Identification and Characterization of a Novel Soluble Pyridine Nucleotide Transhydrogenase from Streptomyces avermitilis

Soluble pyridine nucleotide transhydrogenase (STH) transfers hydride between NADH and NADPH to maintain redox balance. In the present study, the sth gene from Gram-positive bacterium Streptomyces avermitilis (SaSTH) was expressed in Escherichia coli, and the recombinant STH protein was purified to homogeneity. Activity assays indicated that SaSTH was able to catalyze transhydrogenase reactions by using NADH or NADPH as reductants and thio-NAD(+) as an oxidant. The apparent K-m value for NADPH (74.5 mu M) was lower than that for NADH (104.0 mu M) and the apparent k(cat)/K-m for NADPH (2704.7 mM(-1) s(-1)) was higher than that for NADH (1129.8 mM(-1) s(-1)).

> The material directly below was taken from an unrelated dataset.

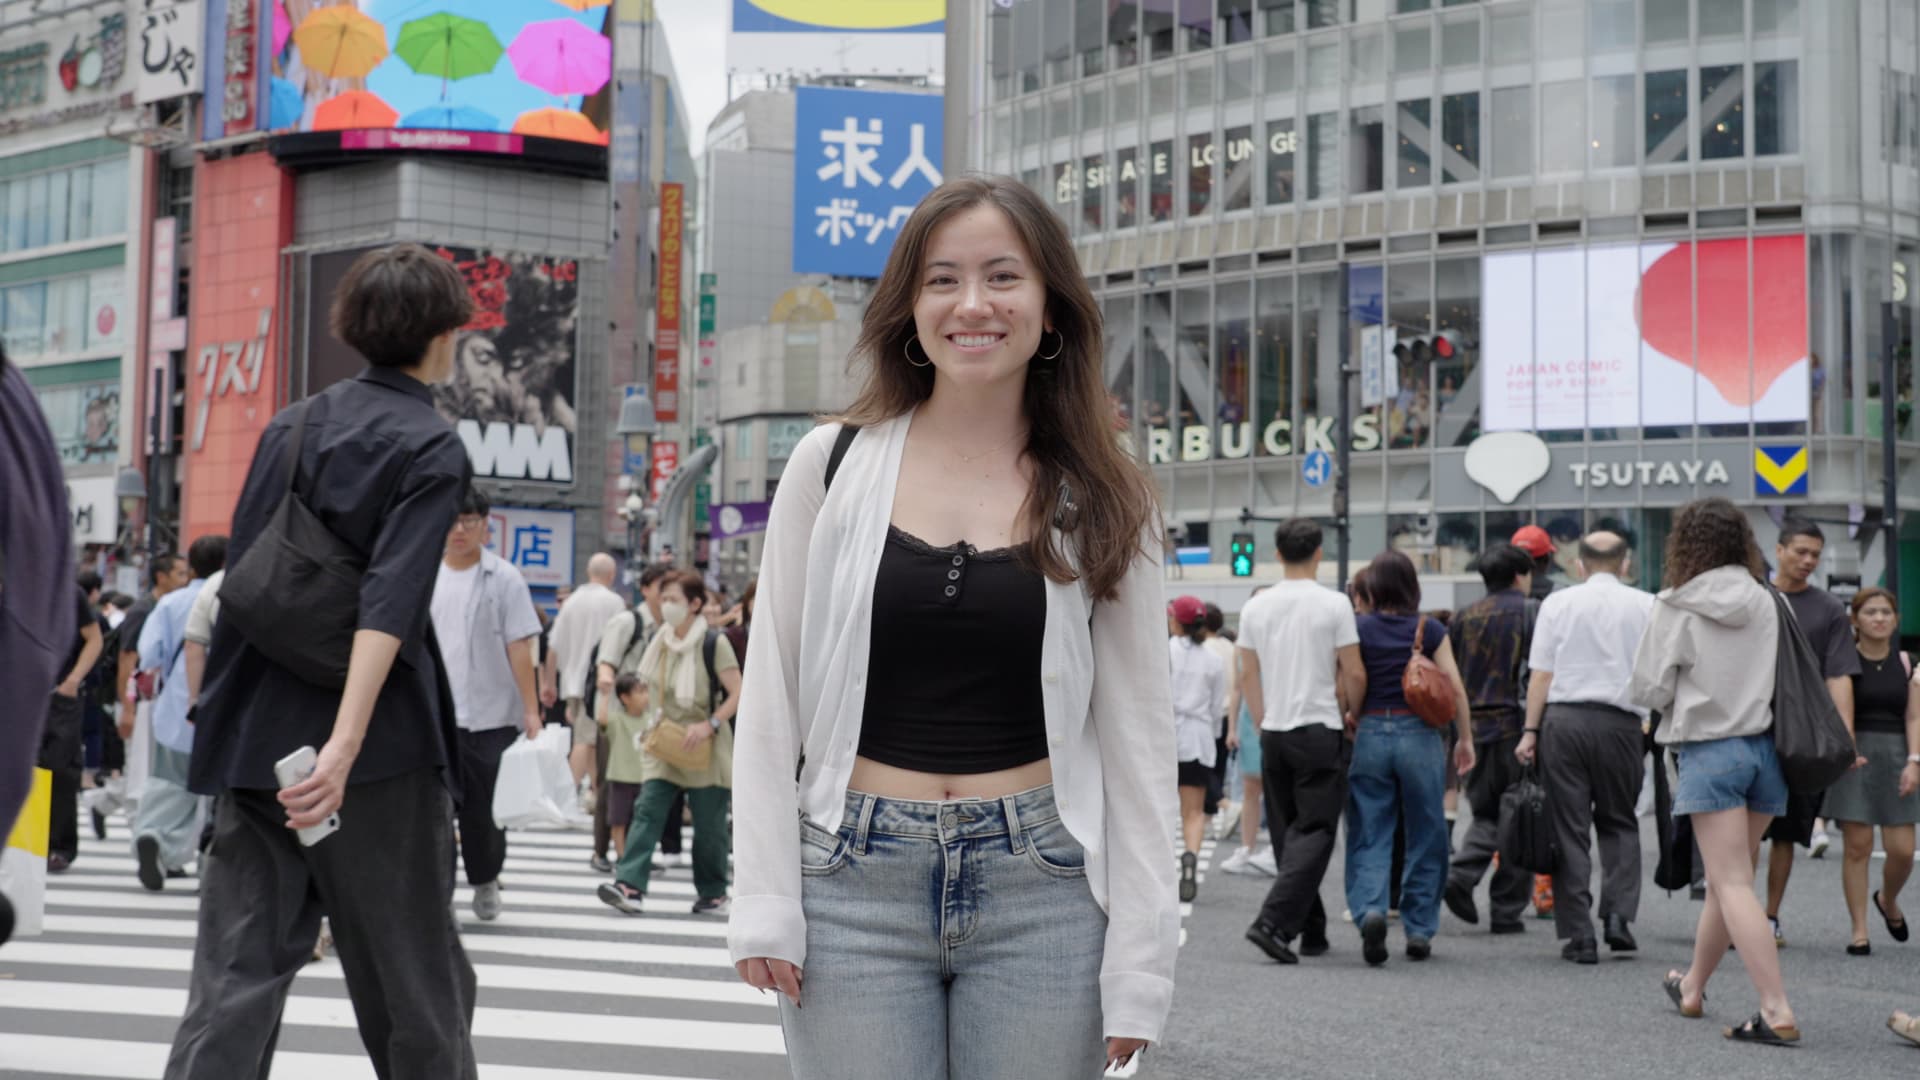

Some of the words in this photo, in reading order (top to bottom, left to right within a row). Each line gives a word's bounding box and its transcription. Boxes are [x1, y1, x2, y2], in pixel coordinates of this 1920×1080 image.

SaSTH showed optimal activity at 25 degrees C and at a pH of 6.2. Heat-inactivation studies revealed that SaSTH remained stable below 55 degrees C and that approximately 50% activity was preserved at 57 degrees C for 20 min. Analyses also showed that SaSTH activity was inhibited by divalent ions, particularly Co2+, Ni2+, and Zn2+. In addition, the transhydrogenase activity of SaSTH was inhibited by ATP and strongly stimulated by ADP and AMP. In summary, we characterized a recombinant enzyme exhibiting STH activity from Gram-positive bacteria for the first time. Our findings provide new options for cofactor engineering and industrial biocatalytic processes.